## TRY IT
Could you copy every record below exactly, leaving out the pictures?

## INPUT
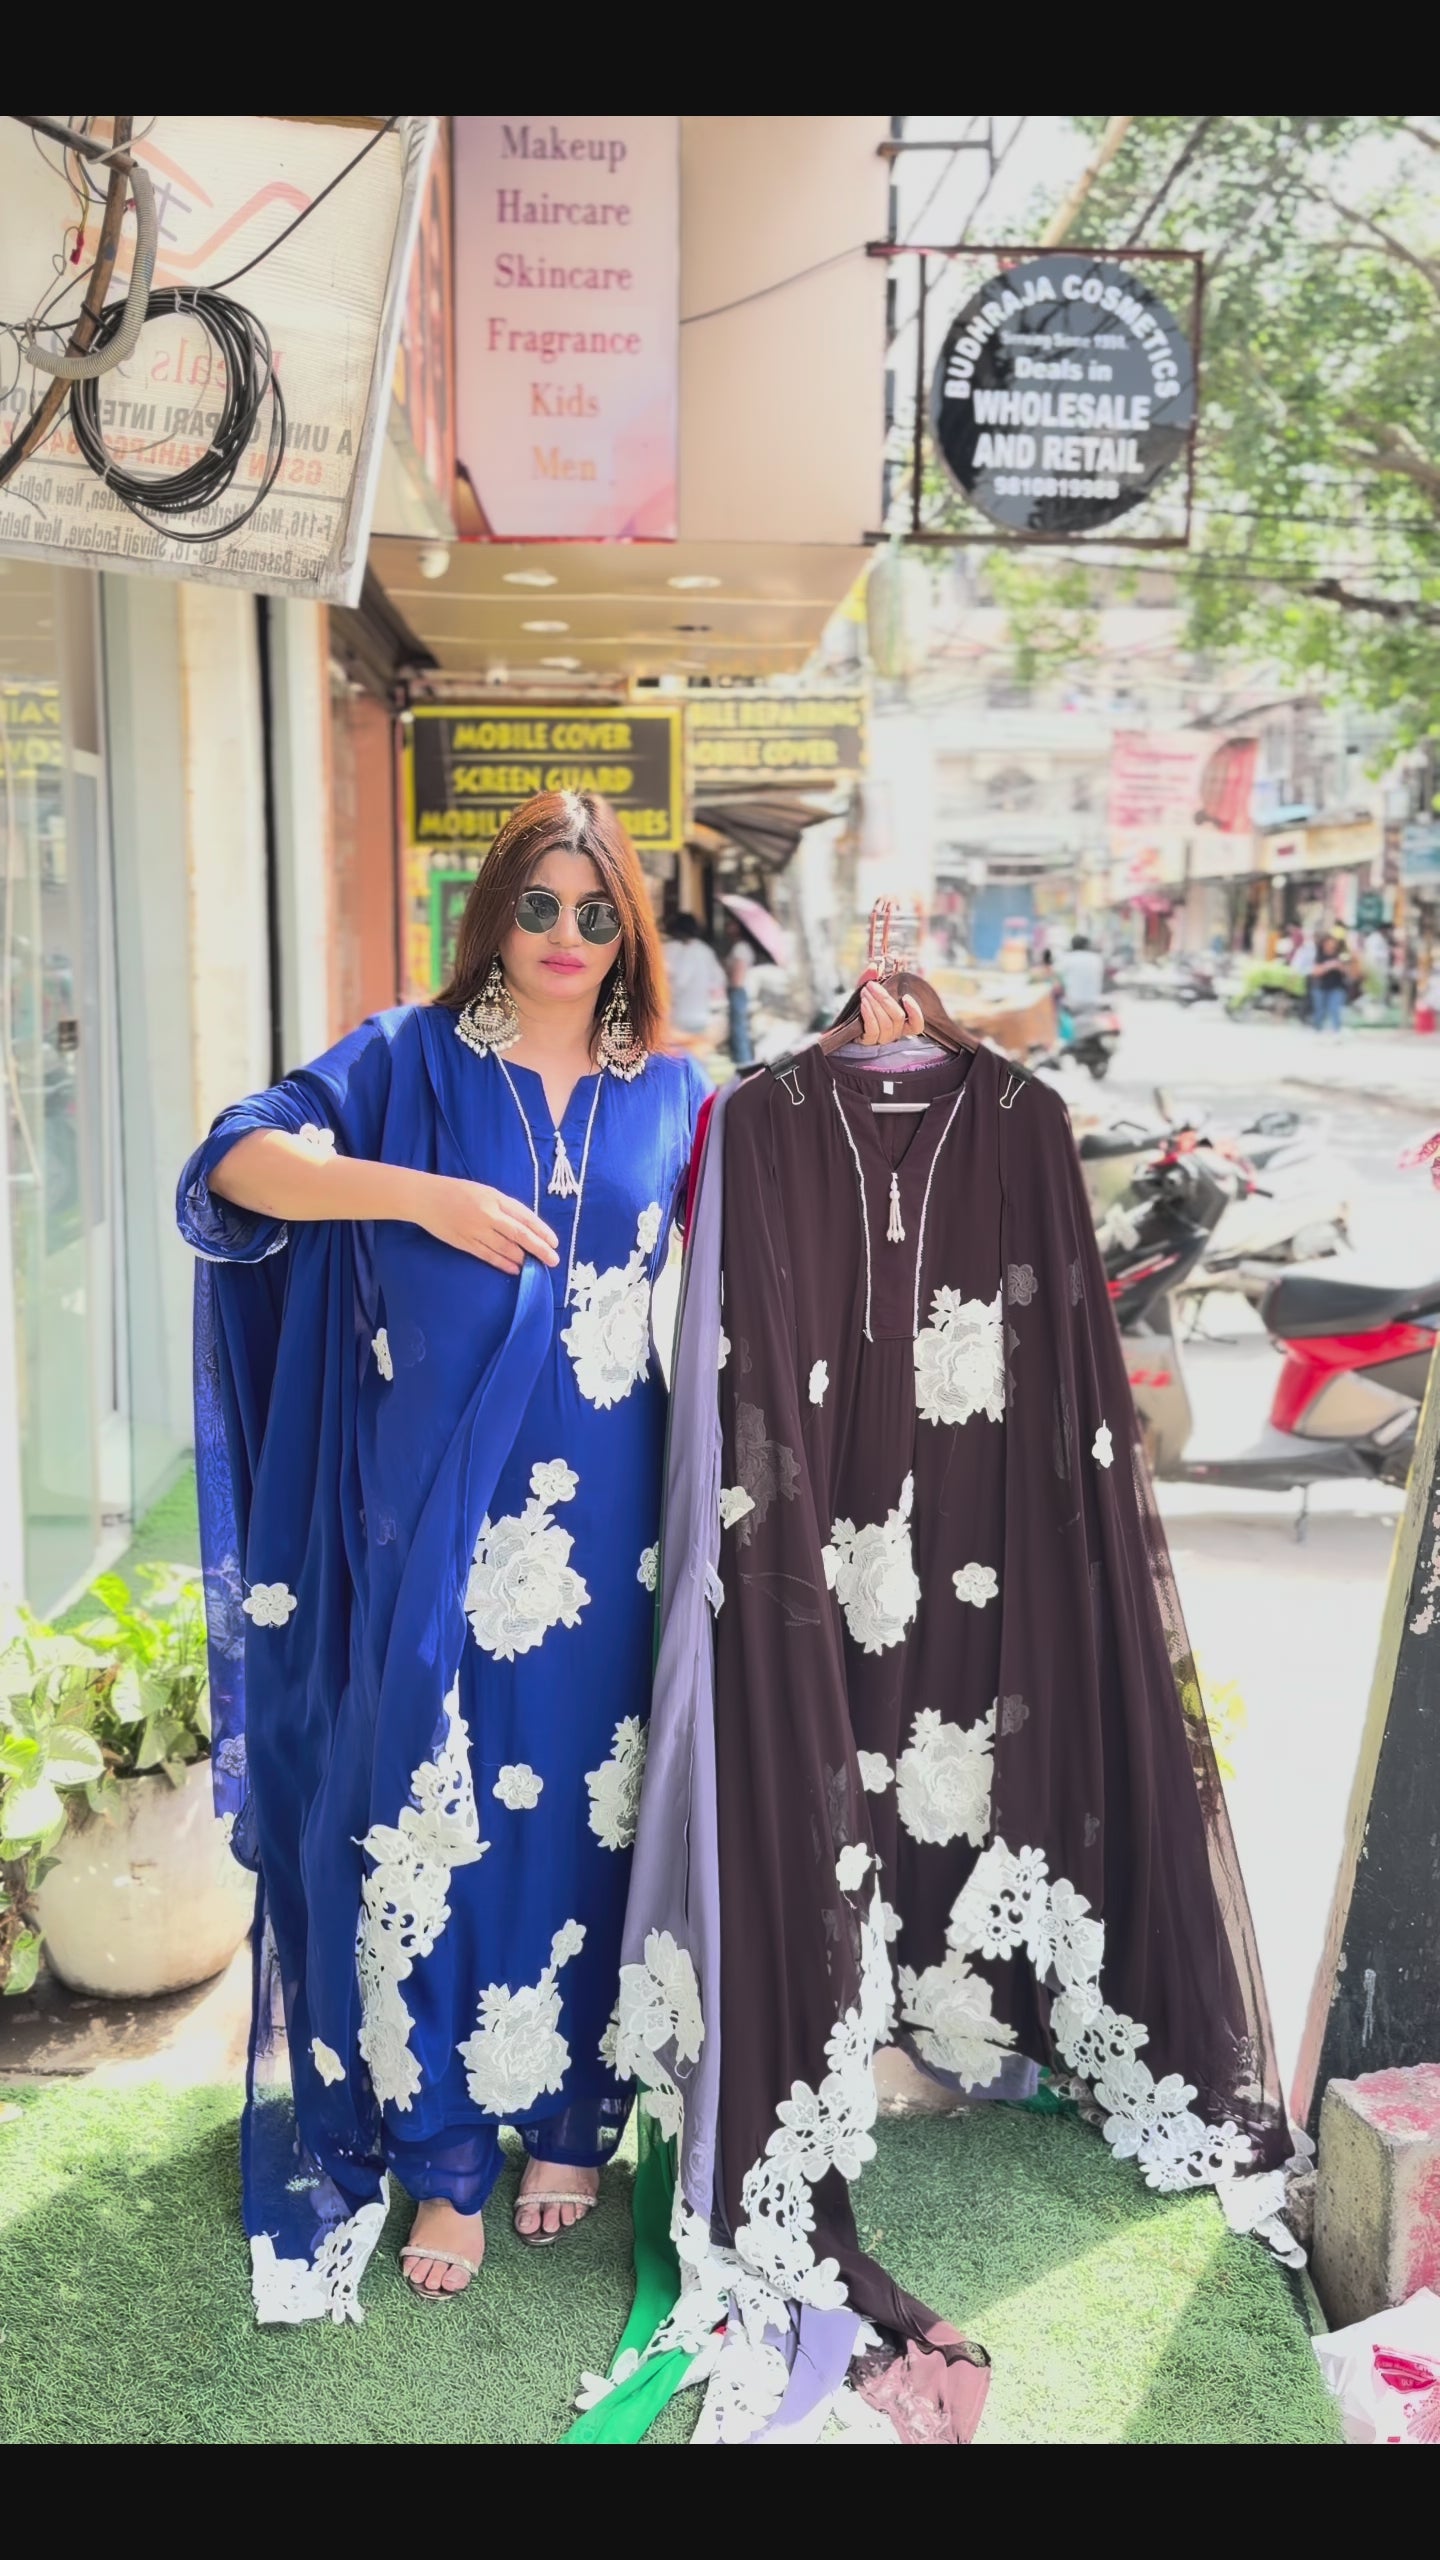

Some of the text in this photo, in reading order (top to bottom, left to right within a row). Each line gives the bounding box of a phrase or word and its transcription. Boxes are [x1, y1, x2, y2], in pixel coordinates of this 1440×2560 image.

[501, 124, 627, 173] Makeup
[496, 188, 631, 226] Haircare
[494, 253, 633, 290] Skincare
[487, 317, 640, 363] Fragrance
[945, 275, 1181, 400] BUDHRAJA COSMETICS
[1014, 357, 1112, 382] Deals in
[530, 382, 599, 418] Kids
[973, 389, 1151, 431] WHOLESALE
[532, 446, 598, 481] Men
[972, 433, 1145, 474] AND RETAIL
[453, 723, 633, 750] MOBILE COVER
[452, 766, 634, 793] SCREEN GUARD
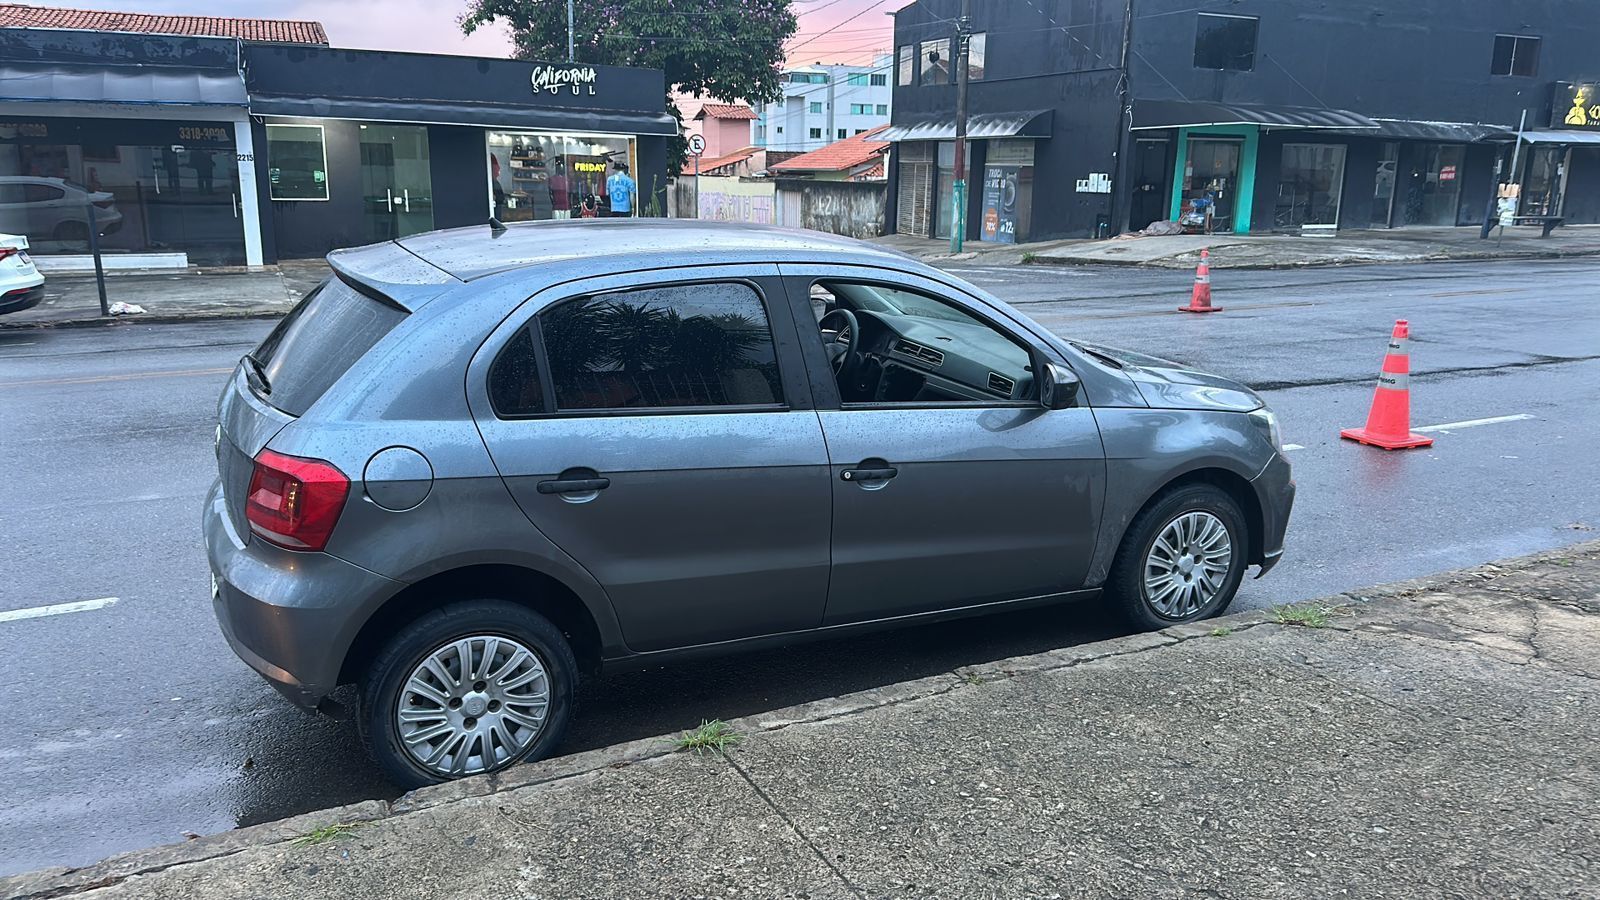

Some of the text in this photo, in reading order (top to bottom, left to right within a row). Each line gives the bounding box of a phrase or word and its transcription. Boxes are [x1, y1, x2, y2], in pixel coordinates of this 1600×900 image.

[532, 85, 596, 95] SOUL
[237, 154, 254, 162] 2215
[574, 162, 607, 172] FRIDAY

## SOLUTION
Some of the text in this photo, in reading order (top to bottom, left to right within a row). Each line gives the bounding box of a phrase or word and its transcription. Boxes are [x1, y1, x2, y2], in pixel coordinates of this 1440×2560 image.

[501, 124, 627, 173] Makeup
[496, 188, 631, 226] Haircare
[494, 253, 633, 290] Skincare
[487, 317, 640, 363] Fragrance
[945, 275, 1181, 400] BUDHRAJA COSMETICS
[1014, 357, 1112, 382] Deals in
[530, 382, 599, 418] Kids
[973, 389, 1151, 431] WHOLESALE
[532, 446, 598, 481] Men
[972, 433, 1145, 474] AND RETAIL
[453, 723, 633, 750] MOBILE COVER
[452, 766, 634, 793] SCREEN GUARD

Some of the text in this photo, in reading order (top to bottom, left to right within a row). Each line gives the bounding box of a phrase or word and its transcription. Boxes are [x1, y1, x2, y2], in pixel coordinates of this 1600×900 image.

[532, 85, 596, 95] SOUL
[237, 154, 254, 162] 2215
[574, 162, 607, 172] FRIDAY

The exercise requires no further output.